TEPCO’s Restructuring Plan: Develop Business Partnership Plans for Fukushima N-accident Recovery


Tokyo Electric Power Company Holdings, Inc.’s business restructuring continues to face a challenging path. Based on its new plan, TEPCO is urged to enhance its profitability, including through partnerships with companies in other industries, and advance the recovery from the 2011 accident at the Fukushima No. 1 nuclear power plant.

TEPCO has finalized a new restructuring plan, the Comprehensive Special Business Plan. This marks the fifth plan since the Great East Japan Earthquake.

TEPCO, which was effectively nationalized after the accident, bears the responsibility of covering the costs of compensation and decommissioning.

In the latest plan, the first revision in about 4½ years, it was decided to maintain the accident response framework. Of the about ¥23 trillion in accident-related costs, TEPCO will bear about ¥17 trillion, paying ¥500 billion annually.

However, nearly 15 years have passed since the disaster, and TEPCO’s financial situation remains severe. In reality, it is probably not easy to secure the necessary funds as planned. Without a clear vision, the firm’s responsibility for the recovery cannot be fulfilled.

The cornerstone for improving the balance sheet is restarting the Nos. 6 and 7 reactors at the Kashiwazaki-Kariwa nuclear power plant in Niigata Prefecture. This will reduce fuel costs for thermal power generation, with an expected annual profit increase of ¥100 billion per reactor.

However, the No. 6 reactor experienced a malfunction shortly after restarting in January for the first time in about 14 years, forcing it to shut down again. TEPCO is urged to prioritize safety and establish a clear timeline for resuming commercial operation as soon as possible.

TEPCO will also implement cost reductions totaling ¥3.1 trillion over the 10-year period from fiscal 2025 to fiscal 2034. It has also announced a policy to sell about ¥200 billion worth of assets within three years.

To drive growth, TEPCO will invest a total of ¥7 trillion in transmission and distribution operations. TEPCO’s service area accounts for 30% of Japan’s electricity demand, forming the core of the nation’s economy and industrial competitiveness. An aggressive strategy is essential.

Through these measures, TEPCO aims to secure annual profits exceeding ¥300 billion by the first half of the 2030s while bearing accident-related costs.

However, limitations have become apparent in the approach of gradually advancing the rationalization process. It is also unavoidable that the decommissioning costs for the Fukushima plant will swell beyond ¥8 trillion. Accelerating reforms through capital and business alliances with external companies will become crucial.

TEPCO has so far integrated its thermal power generation division with Chubu Electric Power Co. to establish JERA Co., thereby enhancing its profitability. Beyond that, its achievements have been limited.
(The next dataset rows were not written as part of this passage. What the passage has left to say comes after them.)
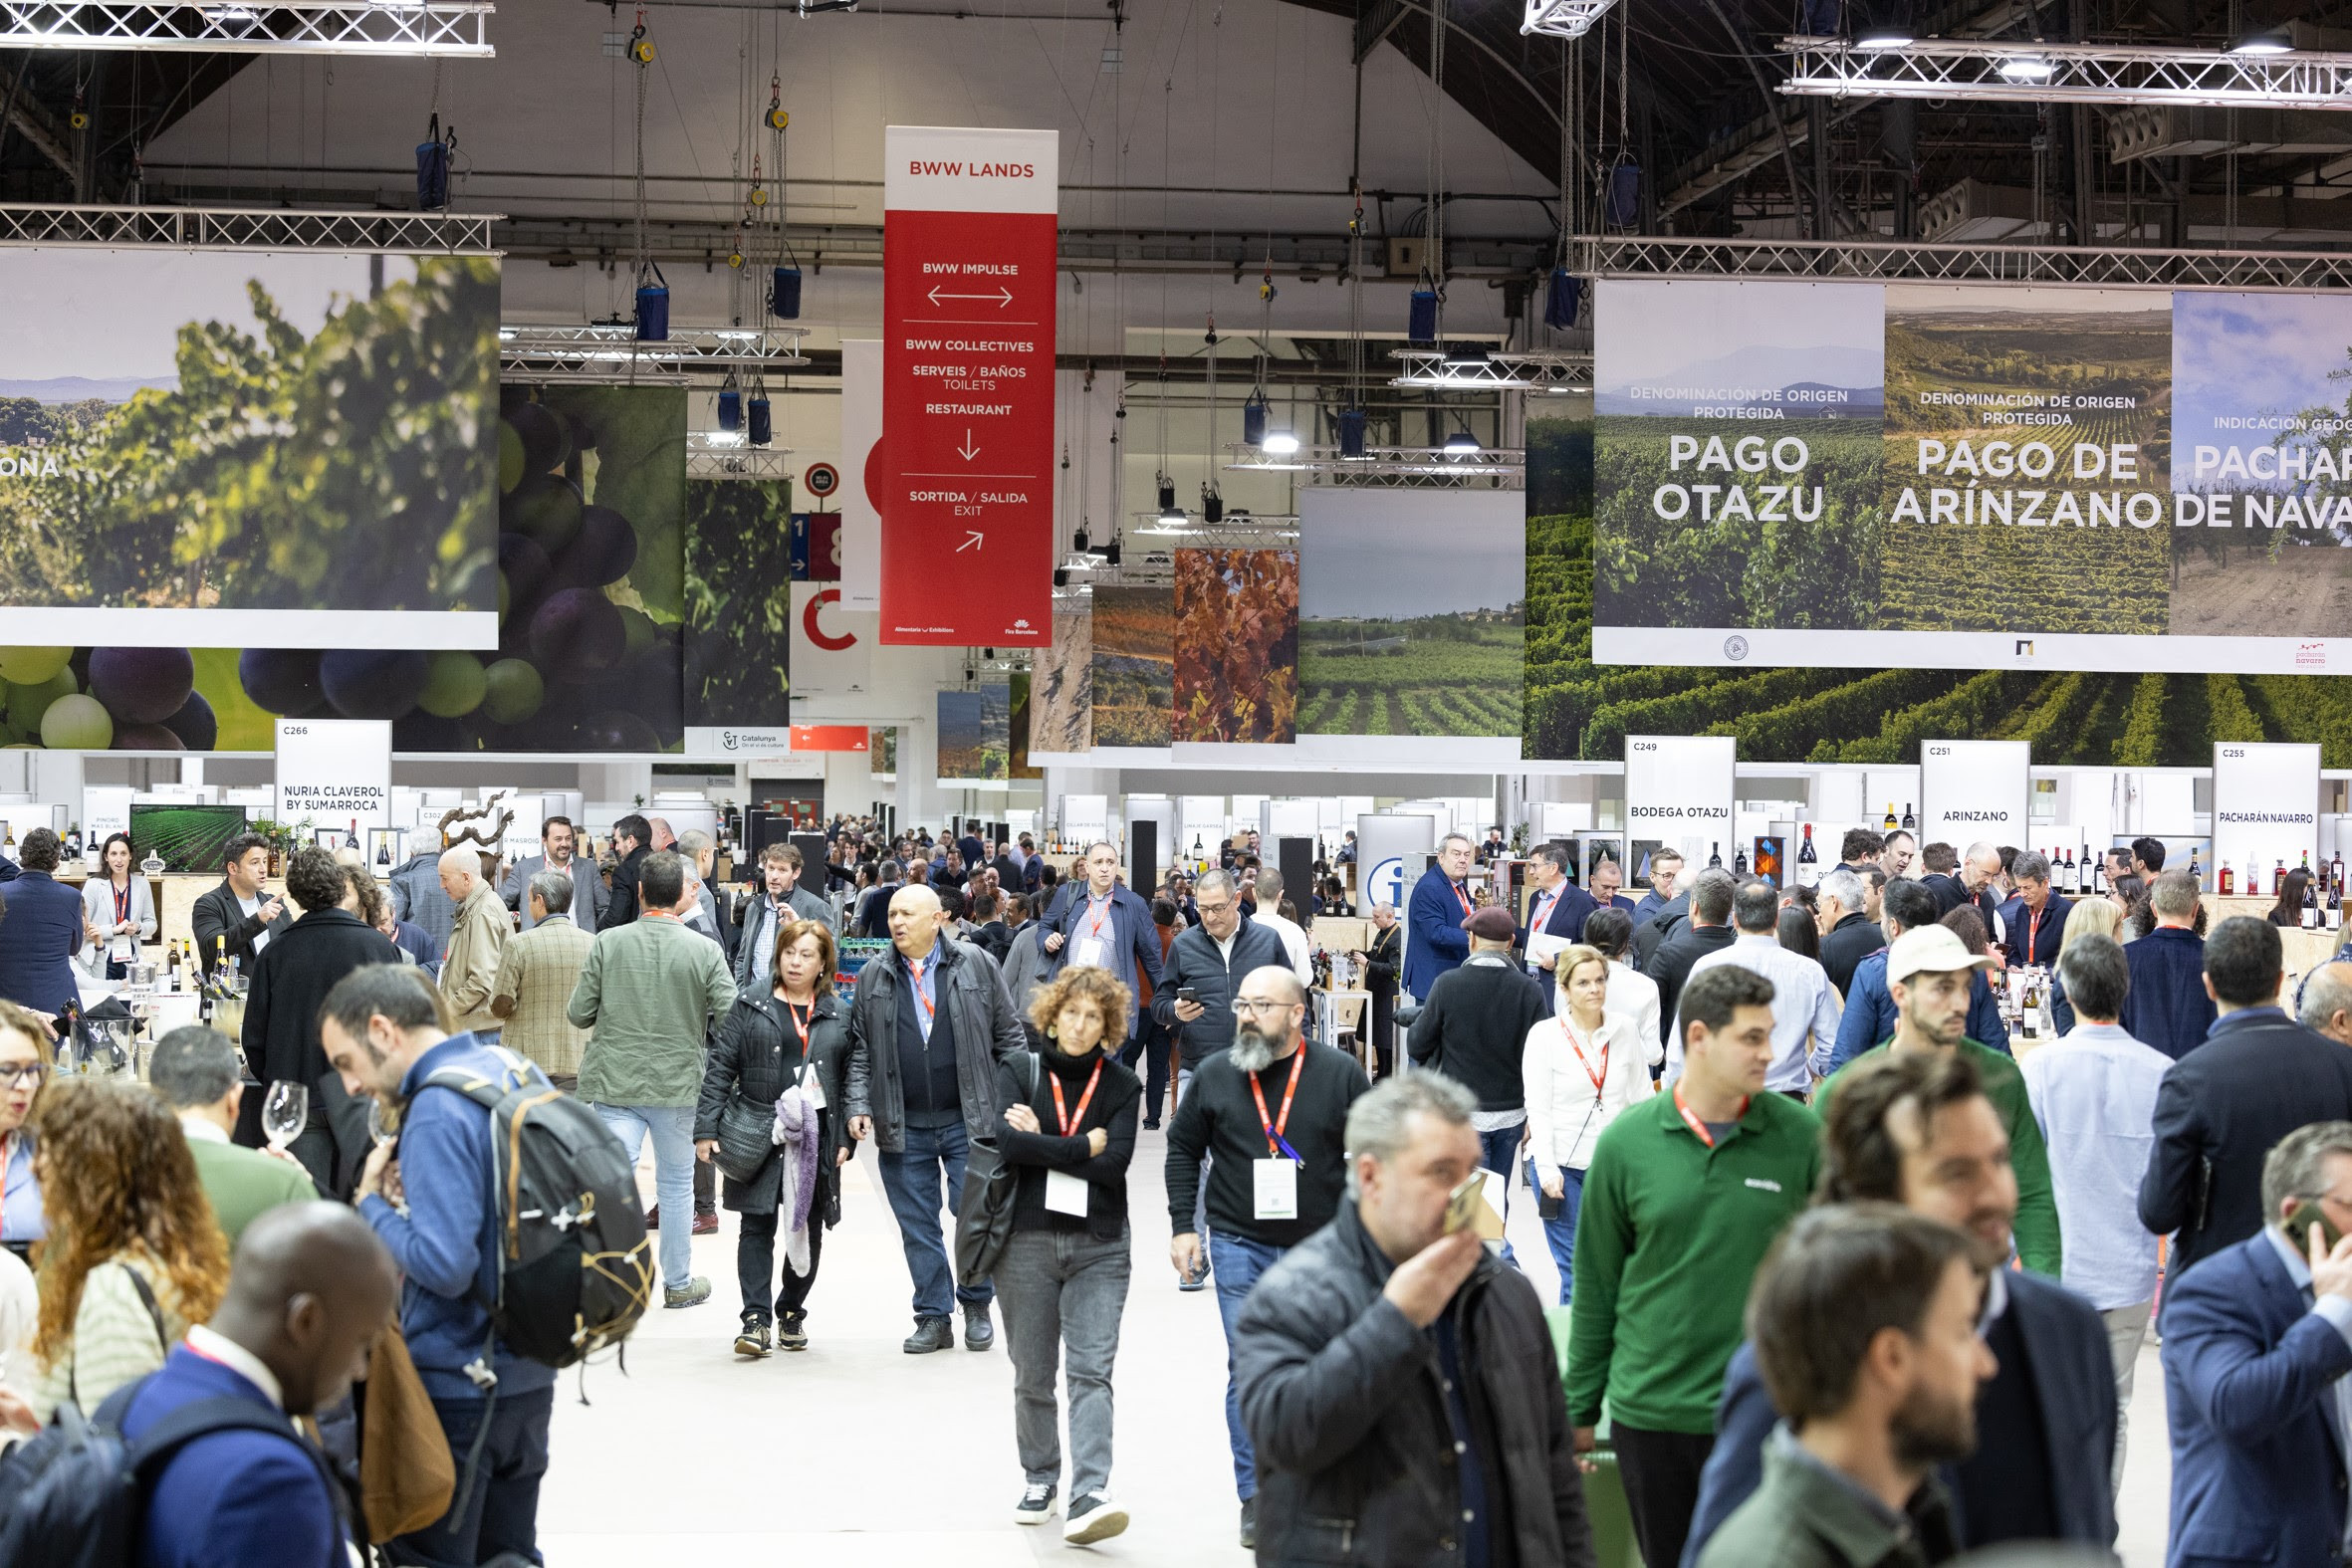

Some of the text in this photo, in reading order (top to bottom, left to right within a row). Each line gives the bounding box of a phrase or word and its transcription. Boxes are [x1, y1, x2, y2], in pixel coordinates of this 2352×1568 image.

[909, 160, 1035, 178] BWW LANDS
[923, 263, 1019, 276] BWW IMPULSE
[905, 339, 1034, 352] BWW COLLECTIVES
[912, 364, 1027, 377] SERVEIS / BAÑOS
[943, 379, 996, 391] TOILETS
[1630, 385, 1848, 402] DENOMINACIÓN DE ORIGEN
[1920, 392, 2136, 409] DENOMINACIÓN DE ORIGEN
[925, 403, 1012, 415] RESTAURANT
[1694, 406, 1784, 420] PROTEGIDA
[1983, 412, 2073, 426] PROTEGIDA
[1670, 434, 1809, 473] PAGO
[1918, 439, 2138, 480] PAGO DE
[909, 491, 1028, 504] SORTIDA / SALIDA
[1653, 483, 1823, 522] OTAZU
[1890, 478, 2162, 530] ARÍNZANO
[954, 506, 983, 516] EXIT
[2175, 494, 2233, 528] DE
[283, 726, 308, 735] C266
[1633, 742, 1657, 752] C249
[1929, 747, 1951, 756] C251
[2223, 749, 2244, 758] C255
[284, 785, 383, 797] NURIA CLAVEROL
[287, 799, 378, 810] BY SUMARROCA
[1631, 806, 1729, 818] BODEGA OTAZU
[1943, 810, 2008, 822] ARINZANO
[2219, 809, 2313, 824] PACHARÁN NAVARRO
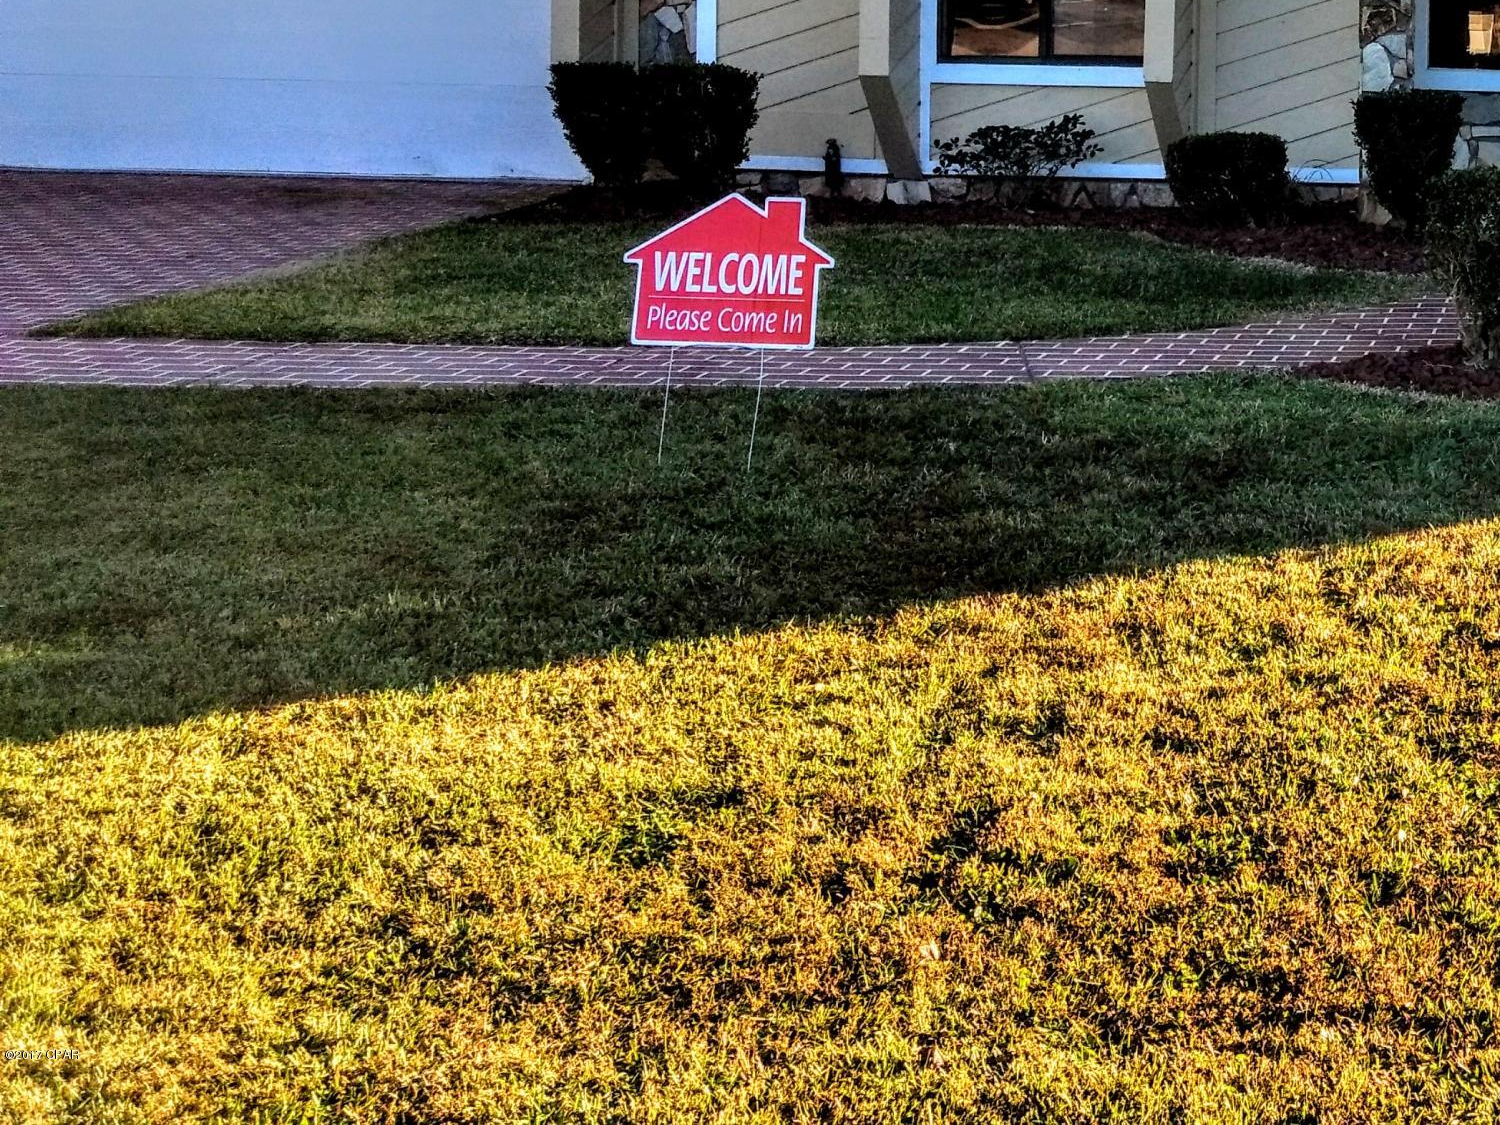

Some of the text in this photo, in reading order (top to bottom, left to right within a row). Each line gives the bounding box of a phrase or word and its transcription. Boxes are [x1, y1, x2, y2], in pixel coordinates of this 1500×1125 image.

[654, 250, 806, 296] WELCOME
[647, 302, 803, 334] Please Come In
TEPCO received government approval for its restructuring plan late last month and began soliciting partner companies this month.

With the proliferation of generative artificial intelligence, demand for data center services is exploding. Partnerships with telecommunications companies and others are conceivable.

Electricity demand is also expected to increase. TEPCO should consider diverse options, including collaboration with the electrical industry that handles transmission and distribution facilities and power generation equipment.